I saw him again last month when he spoke to the researchers, biotech workers, and advocates at the "Next Frontier of the Brain" forum in Boston. Instead of relaxing after his decades of public service, Cleland had spiraled down into the abyss of PTSD—more than 40 years after he was grievously wounded in Vietnam.
"People who overcome, especially, physical injuries…usually do it by means of having some kind of purpose in their life. I had a strong meaning and purpose; it was called politics, government service."
"But then I lost [the election]. I lost my sense of meaning and purpose and destiny, vision. And at that point, then the reality of the wounding came into play. Then I realized, only recently, I was dealing with something that was much bigger than I was. And that was the basic, fundamental aspect of your brain.
"I went down into a massive, deep, dark depression sparked by massive anxiety and what we now know flooding of adrenaline and cortisol into the system—and all of that stuff came flooding back from forty-some-odd years ago, just like I was on the battlefield again, dying, overwhelmed, overcome." At one point, he said, he was so disabled, emotionally and cognitively, that he lost the ability to read.
Cleland went back to Walter Reed hospital, where he had first recovered from the loss of parts of three limbs in 1968. This time, the doctors helped him start to heal his inner wounds. "Thank God, patient help, trauma counseling at Walter Reed…anti-depressant for a while, I began to recover. And I'm beginning to restore my sense of self and all these other things, and then, you know, magically the emotions come back, and the cerebral capability comes back, and then you begin to start thinking again about meaning and purpose."
Cleland also tells his story in the documentary film Halfway Home, which follows several veterans through their first years home from war. The film had its Boston premiere as part of the forum; its director, Paul Freedman, and narrator, Martin Sheen, joined Cleland to talk about the film after the showing.

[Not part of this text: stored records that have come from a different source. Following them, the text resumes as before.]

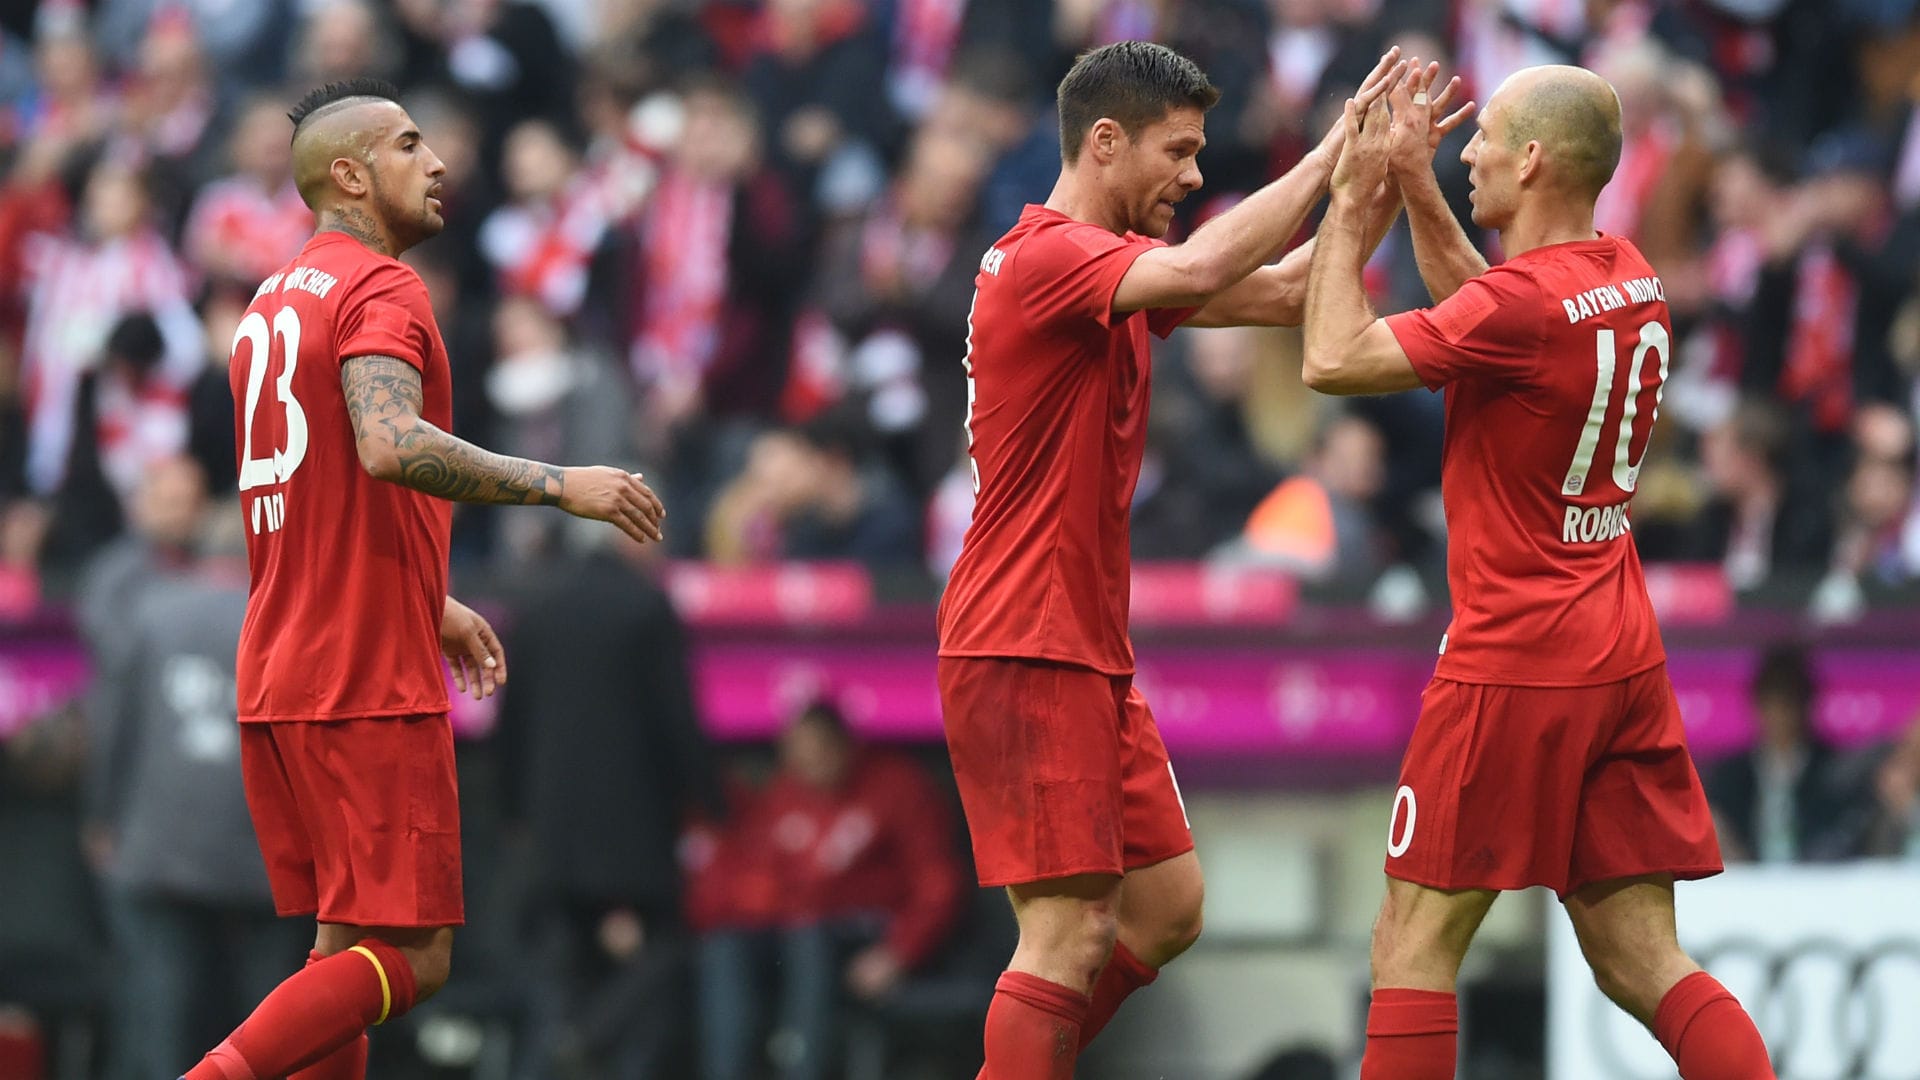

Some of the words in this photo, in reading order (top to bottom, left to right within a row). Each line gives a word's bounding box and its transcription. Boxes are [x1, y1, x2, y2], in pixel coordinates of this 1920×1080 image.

[1562, 284, 1627, 325] BAYERN
[231, 305, 309, 492] 23
[1561, 320, 1670, 496] 10
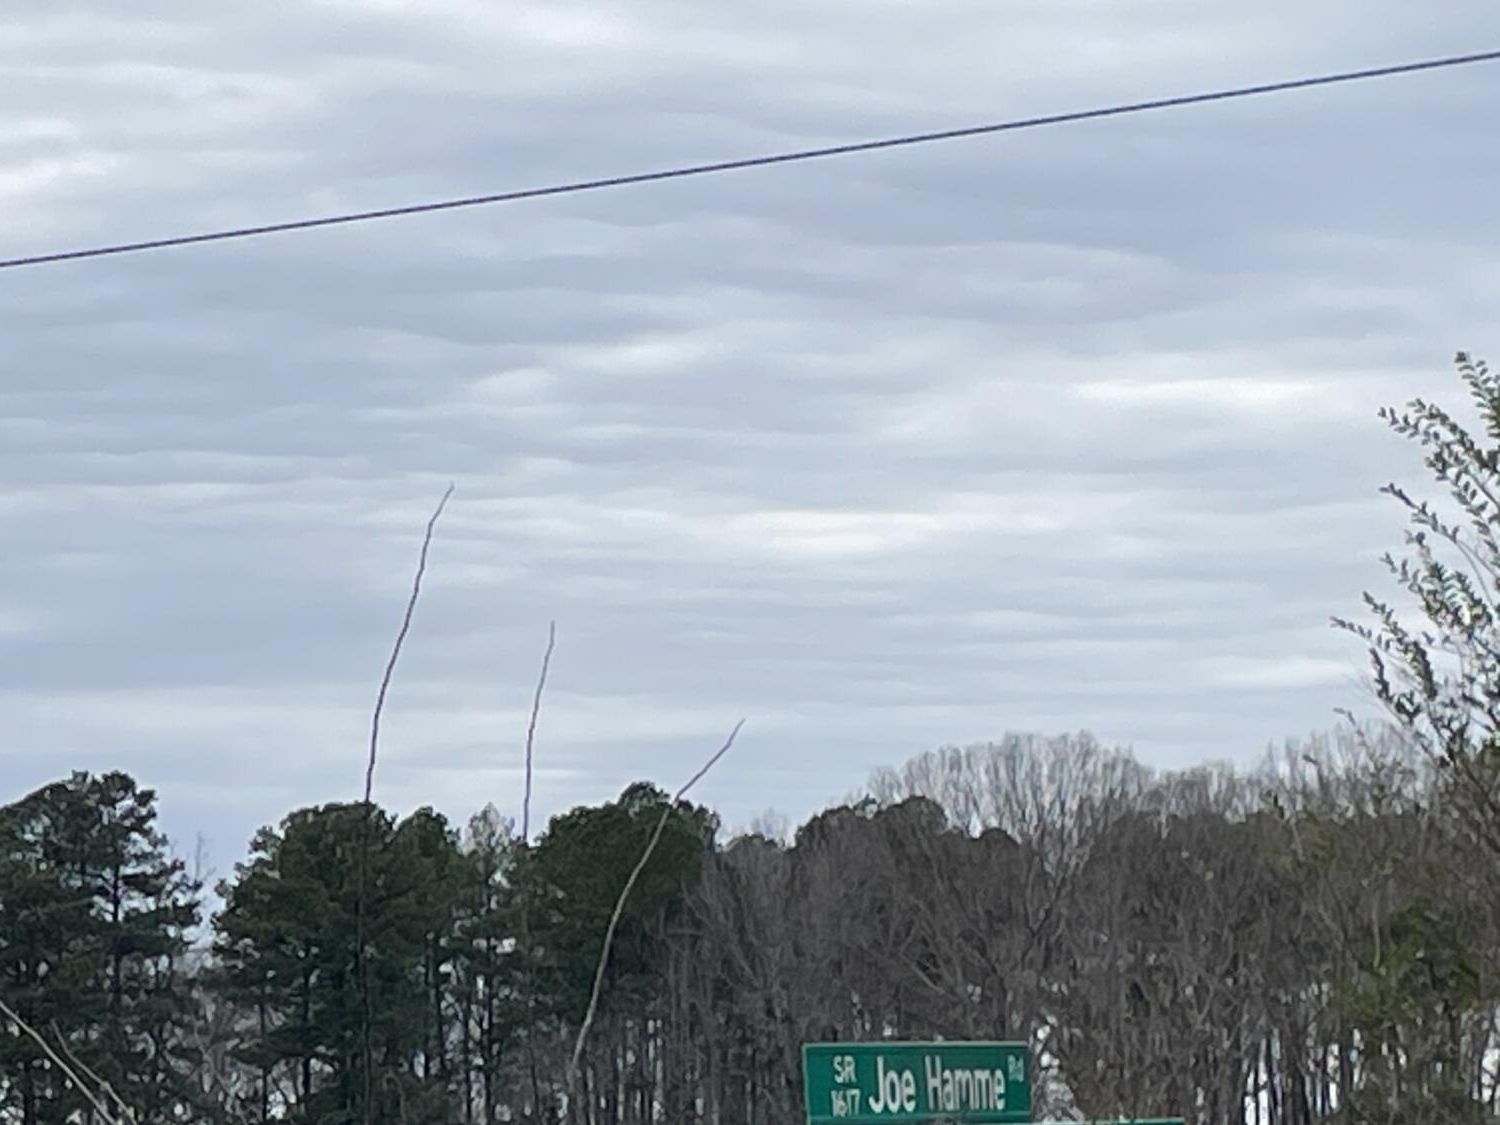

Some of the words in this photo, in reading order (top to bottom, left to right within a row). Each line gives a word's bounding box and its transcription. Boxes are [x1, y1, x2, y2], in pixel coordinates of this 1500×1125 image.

[833, 1055, 856, 1083] SR
[867, 1055, 916, 1114] Joe
[924, 1055, 1006, 1112] Hamme

In the film, Cleland describes one of his low moments at Walter Reed, sitting and sobbing uncontrollably and then hearing, through the wall, his own voice, cheerful. It was from a video he had recorded long ago to inspire newly wounded patients to not give up.
"I had no idea for years, for decades, that I might have some kind of something called post-traumatic stress disorder," he said at the forum. "For those who have been wounded, whether they have been physically wounded or not, when they have been traumatized, that old horse, that thousand-pound steed in your mind, has been spooked. It has been spooked. And if it has been spooked numerous times, it ain't ever forgetting."

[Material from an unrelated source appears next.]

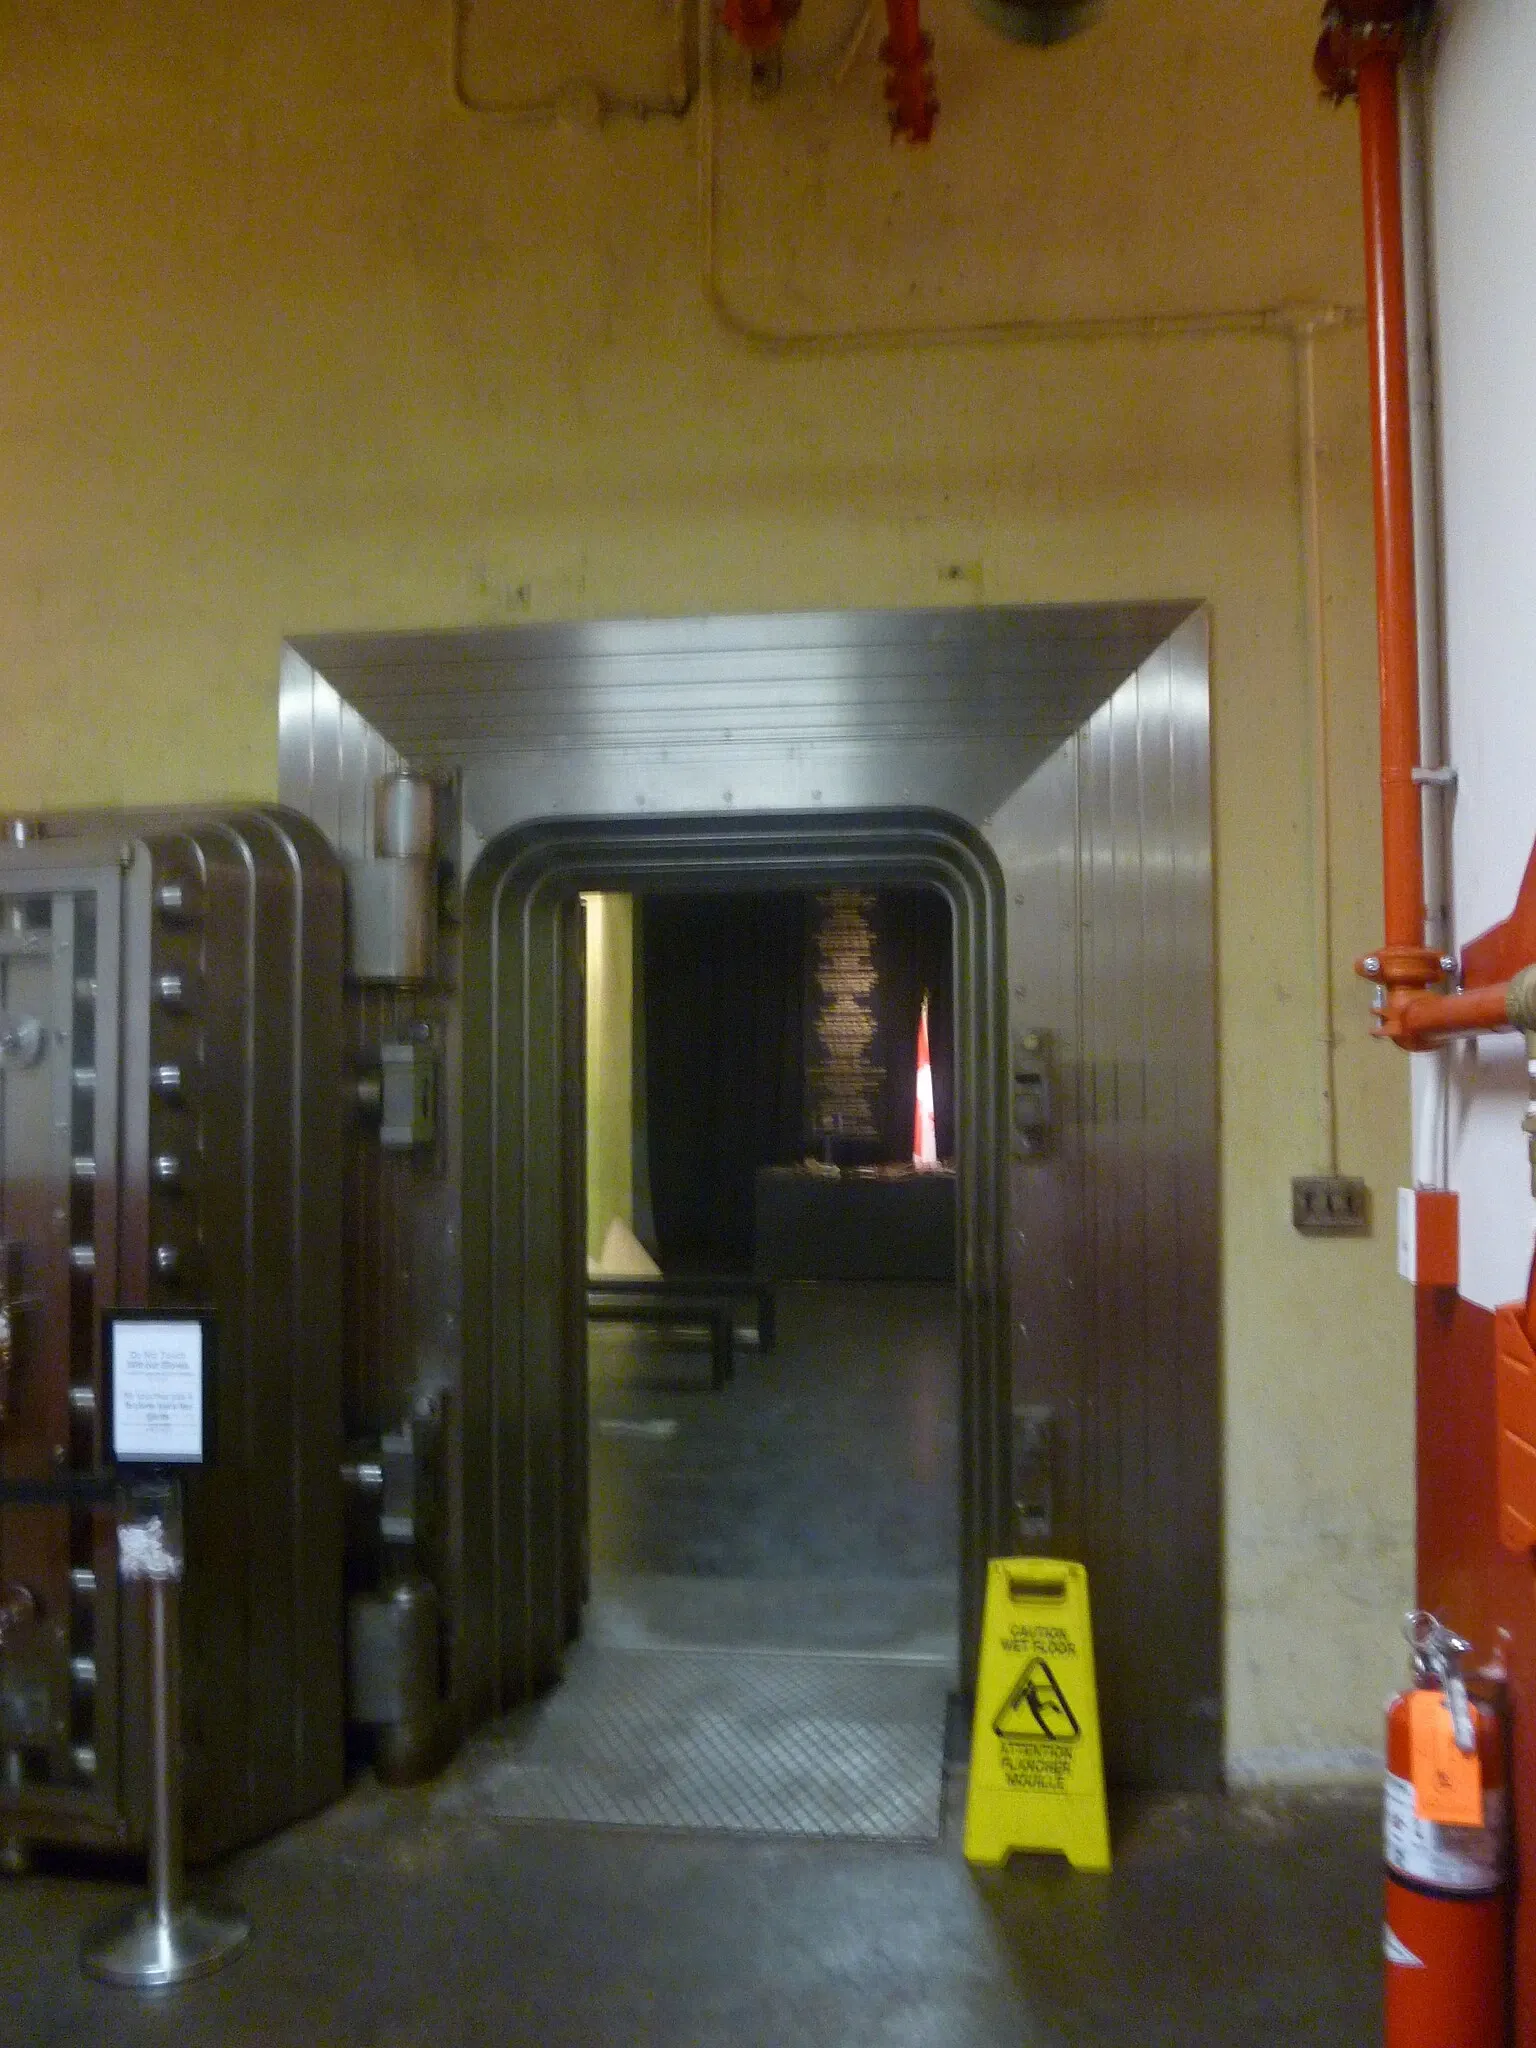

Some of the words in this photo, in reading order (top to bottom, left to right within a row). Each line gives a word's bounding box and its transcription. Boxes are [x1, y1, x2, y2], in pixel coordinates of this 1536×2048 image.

"And so anything that comes along and spooks that horse—we call it triggers, nowadays—then you're off and running. You're liable to be thrown off the horse and dragged along the ground."
Now Cleland is secretary of the American Battle Monuments Commission and, as always, a strong advocate for veterans. And he wrote a book about his journey, Heart of a Patriot: How I Found the Courage to Survive Vietnam, Walter Reed and Karl Rove. He ended his remarks with a plea to the audience: "Those of us that have made that journey and hundreds of thousands, really, millions of young Americans who have put their lives on the line for the rest of us, need you. We need you."

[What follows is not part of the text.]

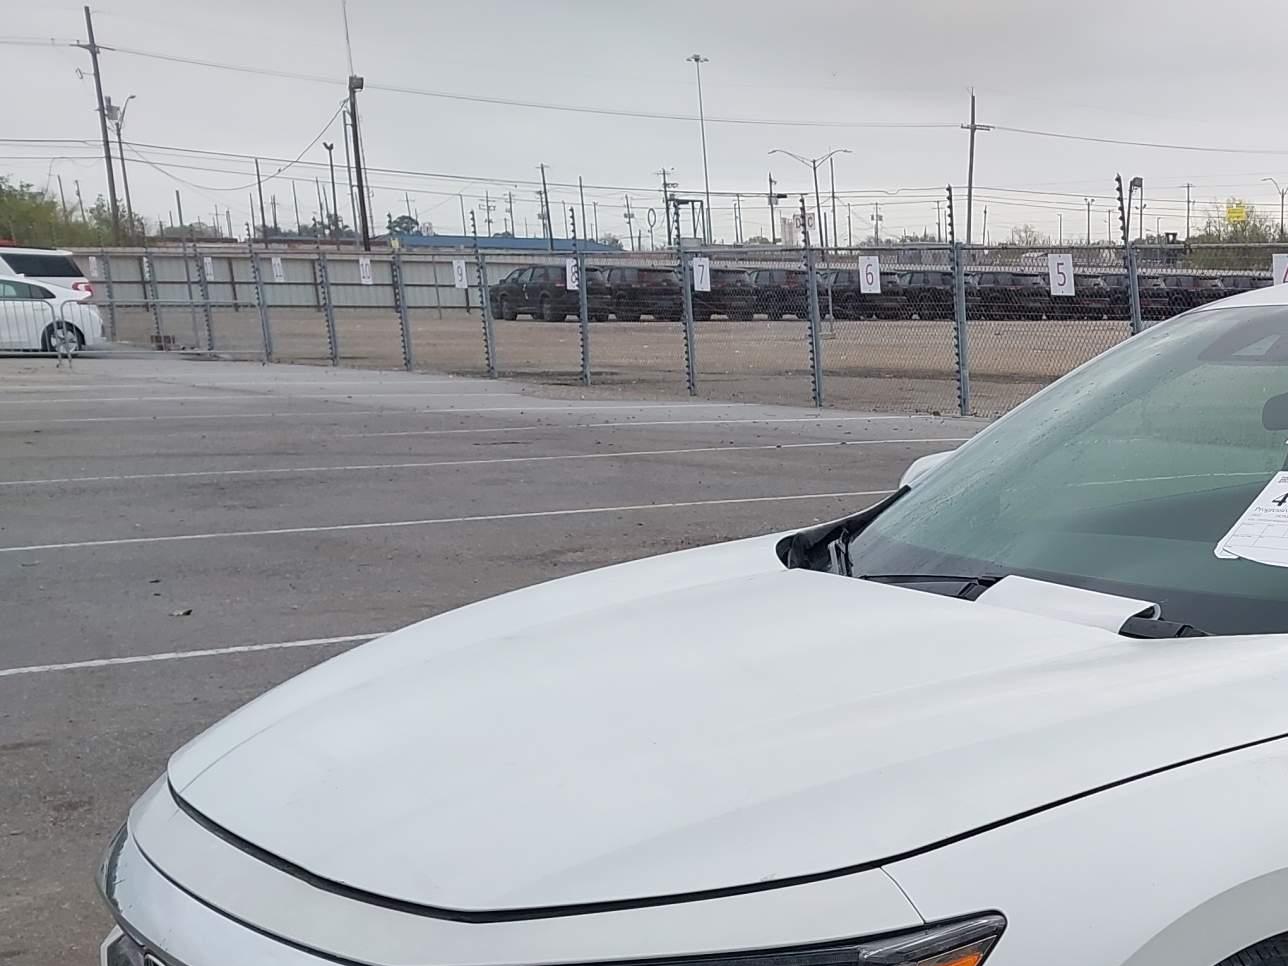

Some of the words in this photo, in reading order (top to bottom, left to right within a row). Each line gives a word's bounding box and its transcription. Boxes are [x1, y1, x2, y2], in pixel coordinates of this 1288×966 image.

[697, 264, 706, 284] 7
[865, 263, 875, 286] 6
[1056, 262, 1067, 287] 5

His remarks start just after the first minute of the video; researchers on pain, PTSD, and concussion follow (here you can find a description of those presentations). Video and mp3 audio also available on The Science Network site.
The forum was held in Boston May 23–25 by the One Mind for Research campaign, whose goal is "to significantly reduce the U.S. burden of disability due to brain disorders." The campaigners released a blueprint of research goals at the event: "A Ten-Year Plan for Neuroscience: From Molecules to Brain Health" (PDF). Videos of all the sessions and interviews are collected on the Science Network site.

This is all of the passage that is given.